Repeat the lines of the data exactly and exclude any picture among them.
── Data supplied ──
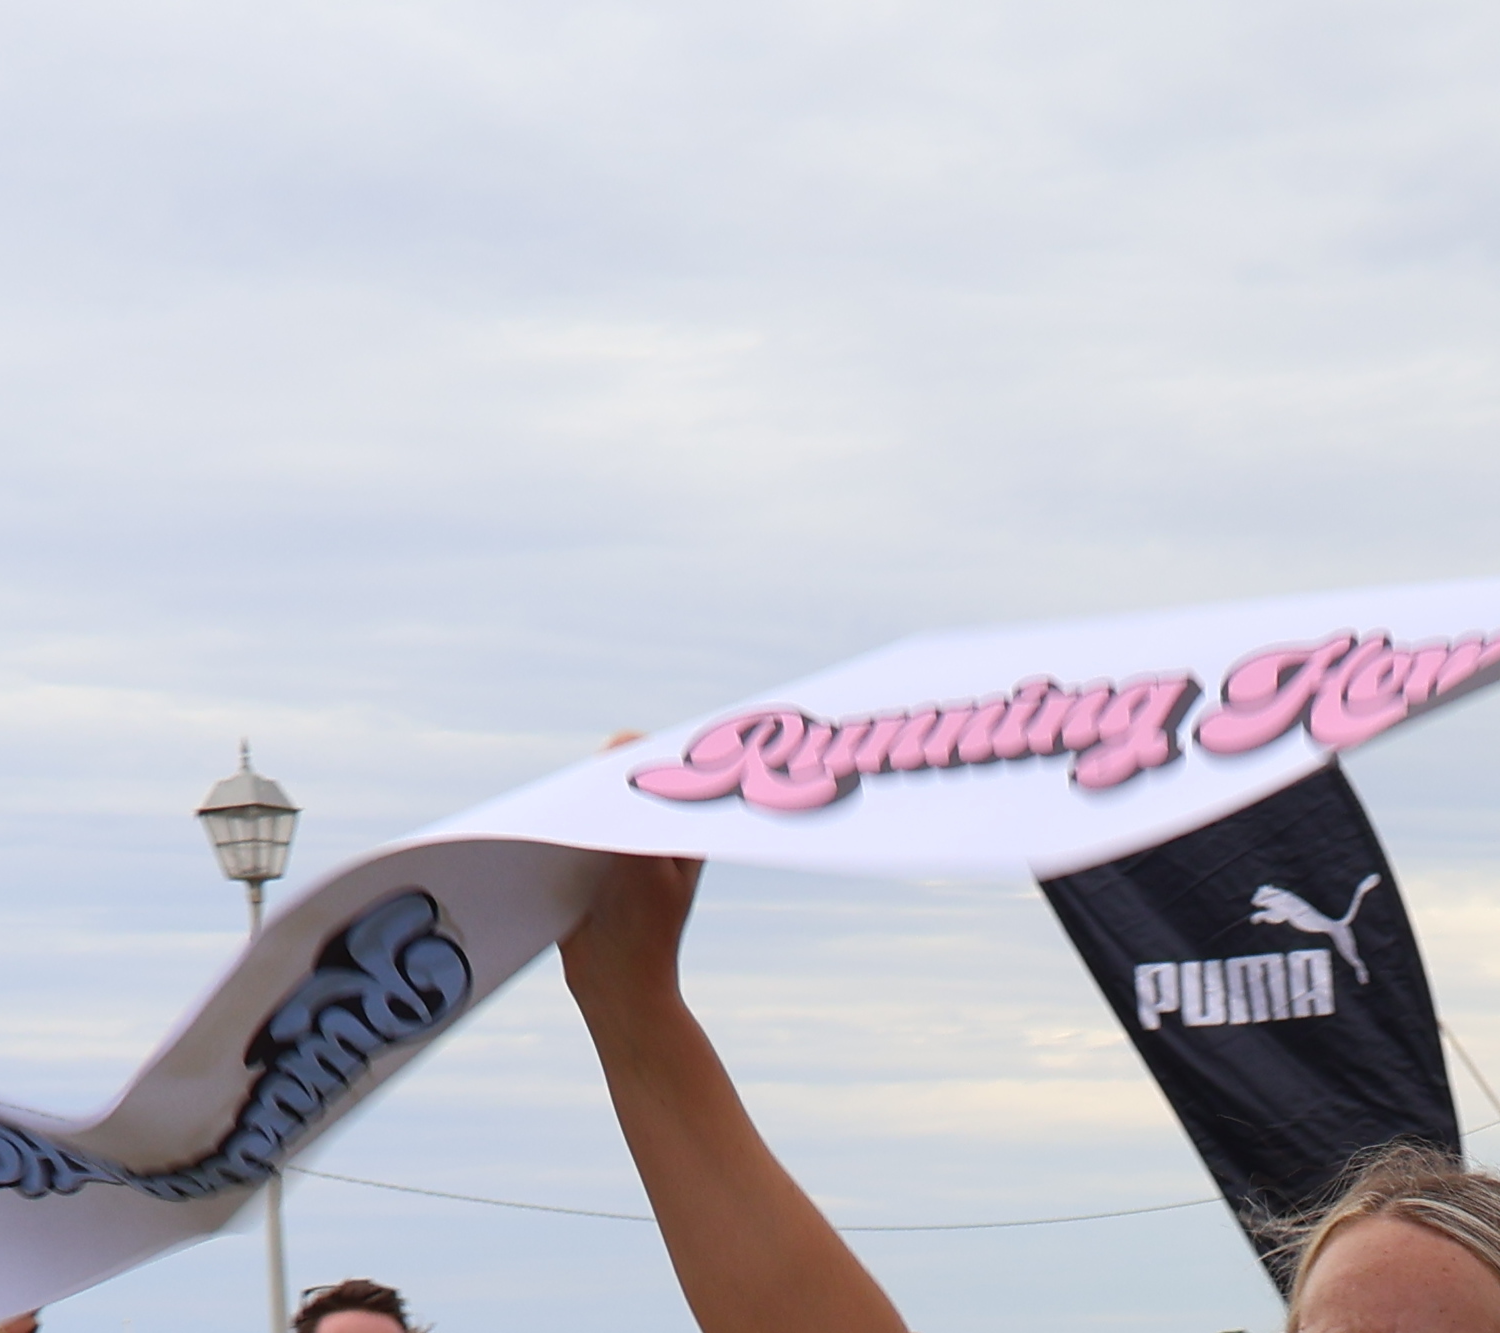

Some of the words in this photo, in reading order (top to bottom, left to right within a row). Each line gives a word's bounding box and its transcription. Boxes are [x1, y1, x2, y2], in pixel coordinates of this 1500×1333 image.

[626, 672, 1202, 810] Running
[121, 888, 473, 1202] Runnin
[1134, 949, 1335, 1030] PUMA
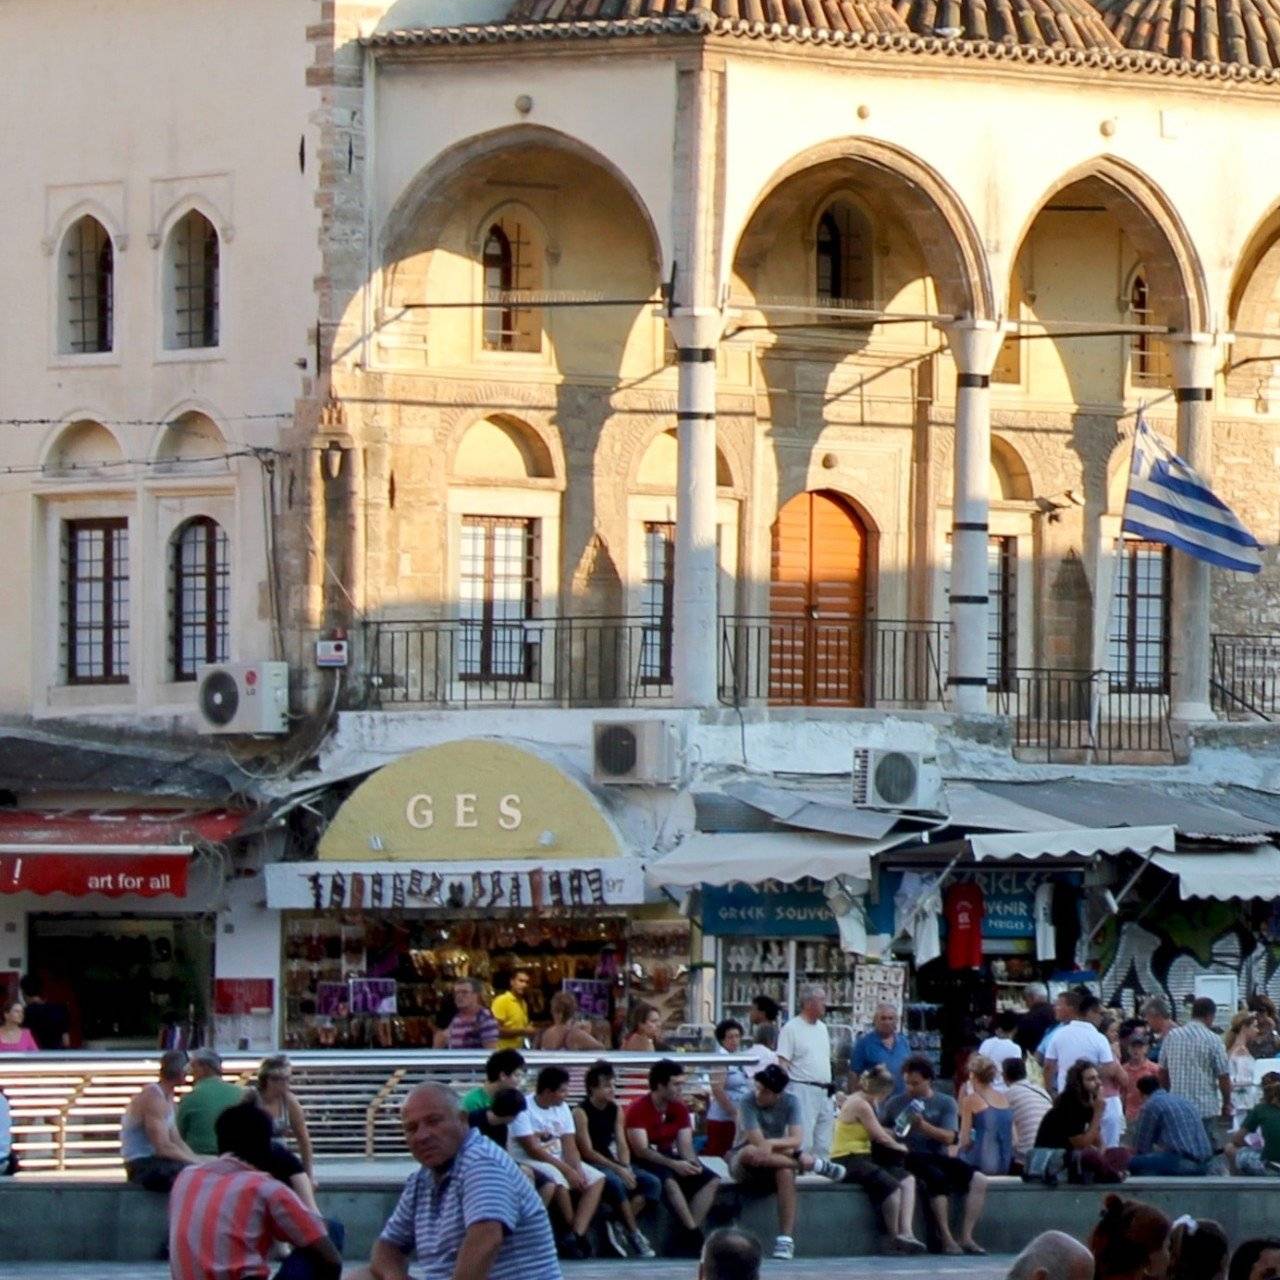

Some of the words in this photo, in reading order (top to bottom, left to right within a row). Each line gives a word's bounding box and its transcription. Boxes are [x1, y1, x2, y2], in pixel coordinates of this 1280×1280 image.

[406, 794, 522, 830] GES
[88, 875, 113, 889] art
[118, 873, 144, 889] for
[150, 874, 170, 889] all
[718, 906, 766, 920] GREEK
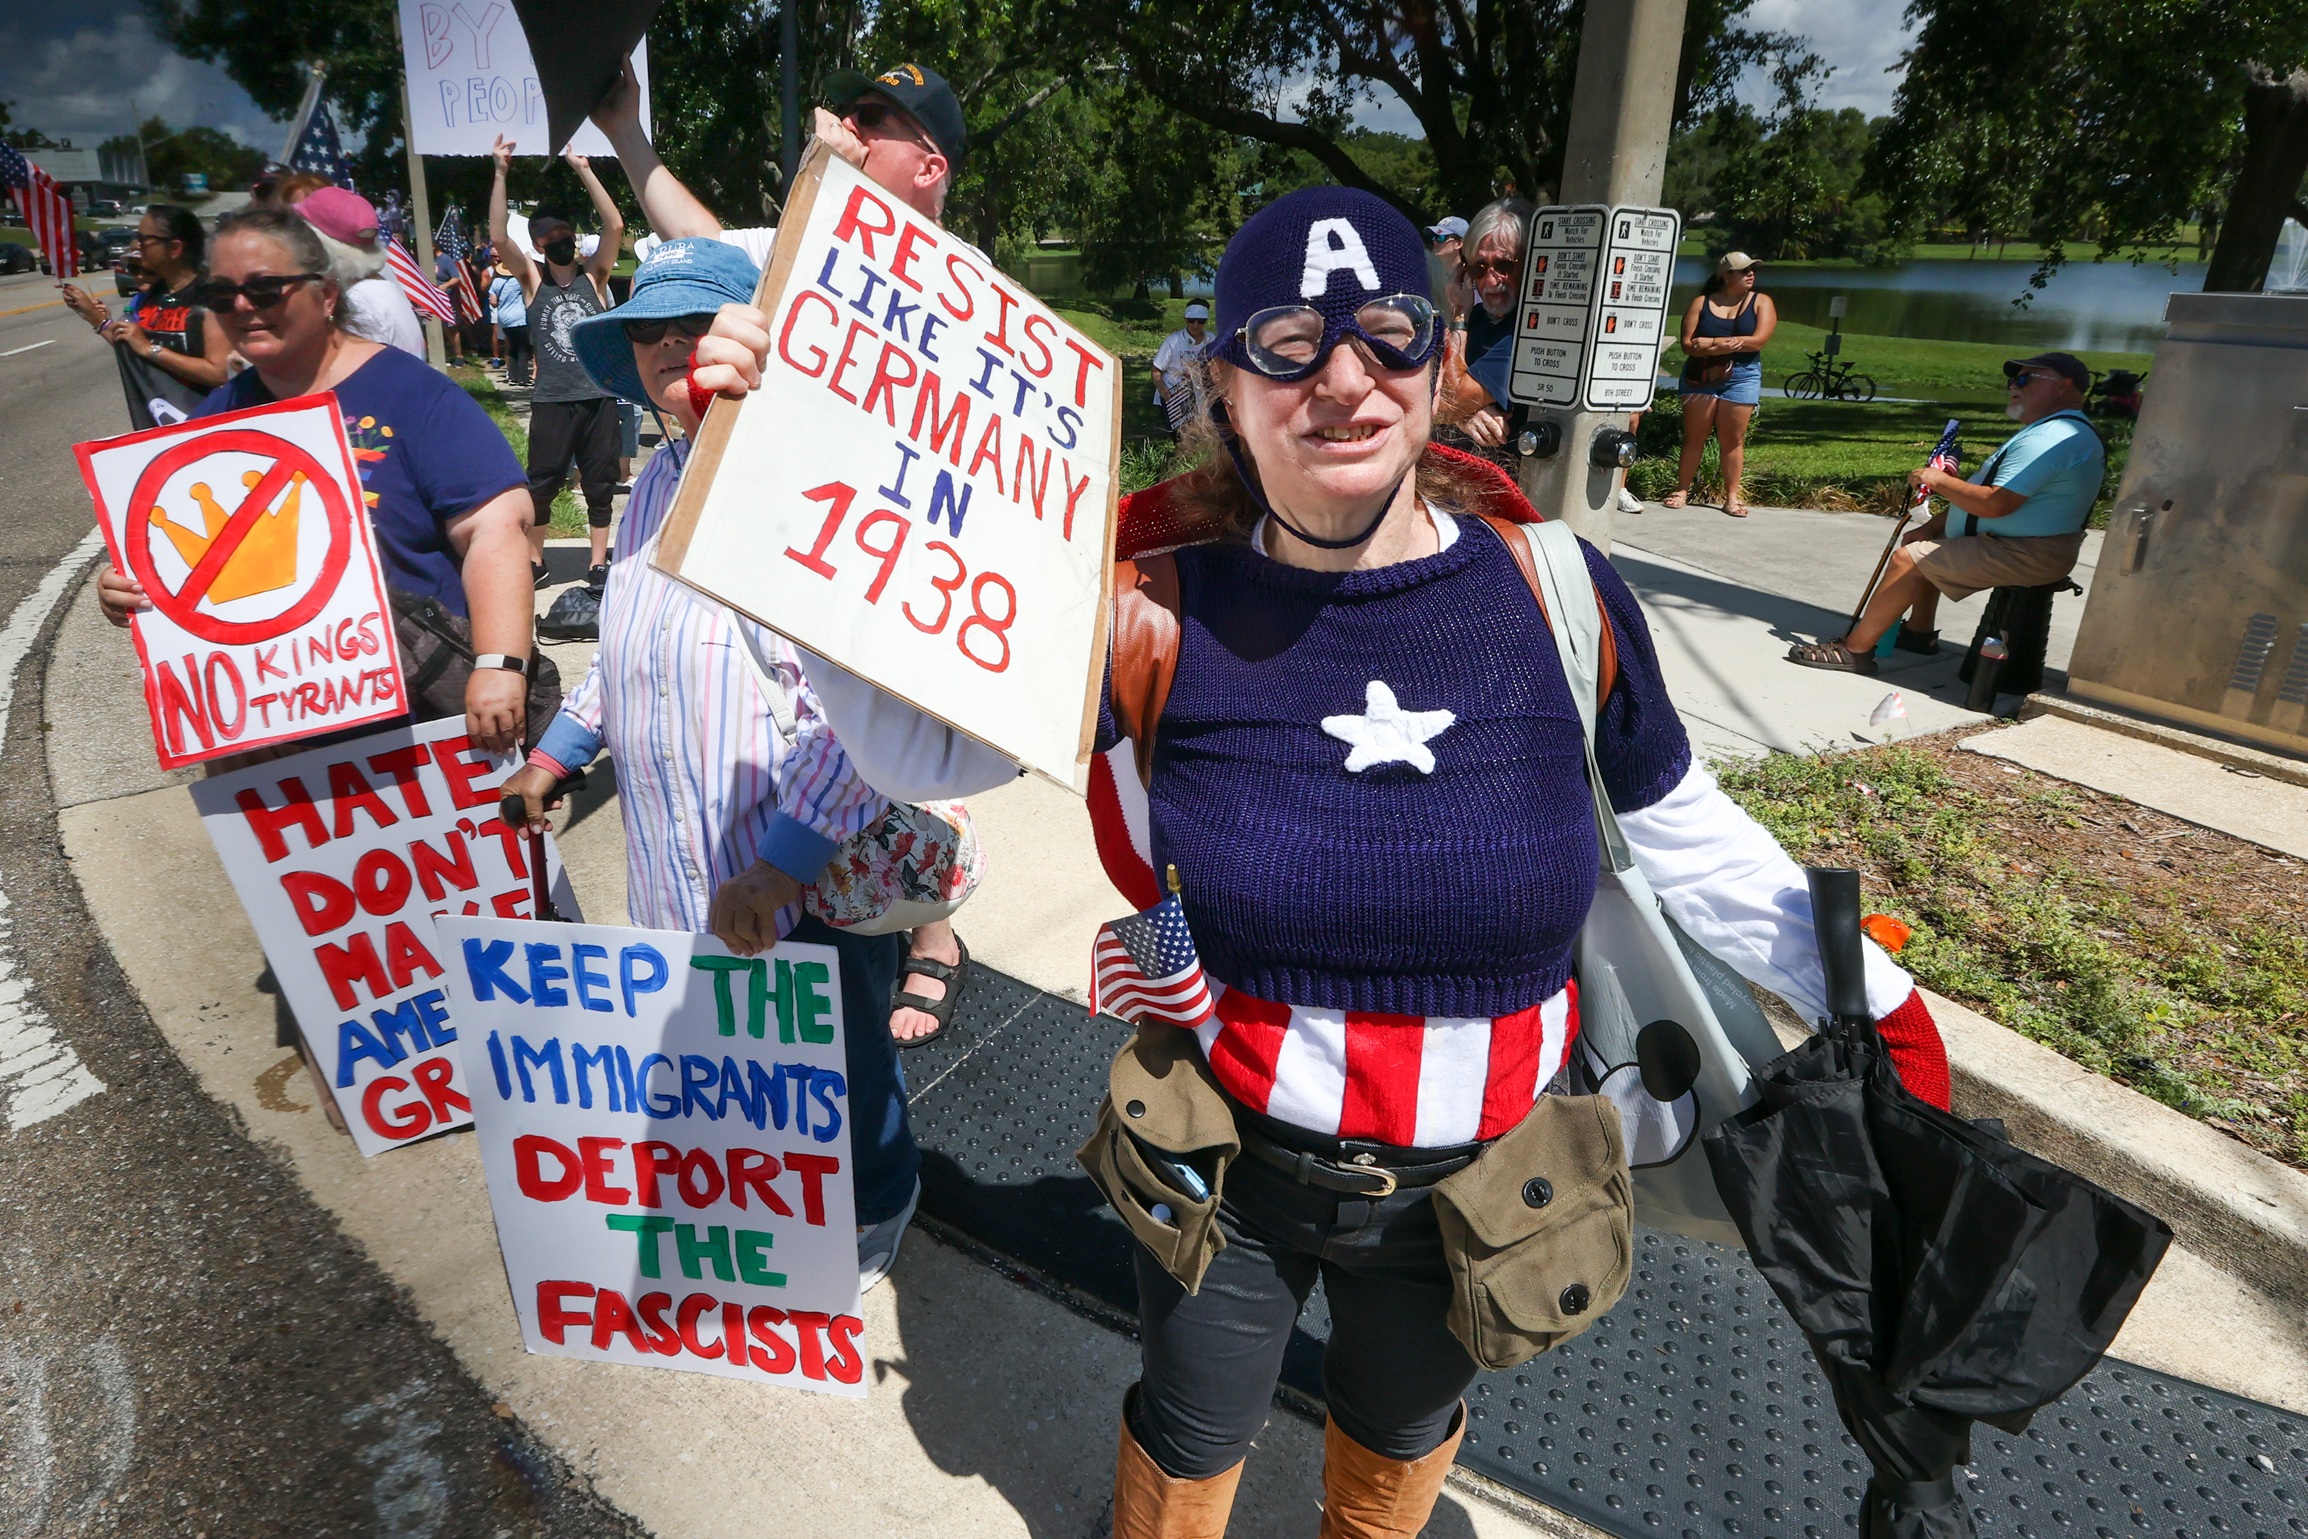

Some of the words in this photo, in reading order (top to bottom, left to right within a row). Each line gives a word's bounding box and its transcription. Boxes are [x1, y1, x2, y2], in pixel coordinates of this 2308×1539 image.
───
Reply to the exercise —
Some of the words in this photo, in reading order (top to bottom, left to right within a row). Each line gives a word's bounding box and its transcription. Boxes are [x1, y1, x2, y2], in pixel coordinates of this 1500×1333 image.

[626, 672, 1202, 810] Running
[121, 888, 473, 1202] Runnin
[1134, 949, 1335, 1030] PUMA

Some of the words in this photo, in reading order (top to bottom, left to right within a row). Each line gives a word's bounding box and its transcription. Boxes are [x1, y1, x2, y2], in pixel coordinates of this 1280×1280 image.

[406, 794, 522, 830] GES
[88, 875, 113, 889] art
[118, 873, 144, 889] for
[150, 874, 170, 889] all
[718, 906, 766, 920] GREEK

Some of the words in this photo, in reading order (top to bottom, left to right within a row). Each line gives a word's bounding box and its transcription. Boxes are [x1, y1, x2, y2], in pixel coordinates of this 2308×1539 image.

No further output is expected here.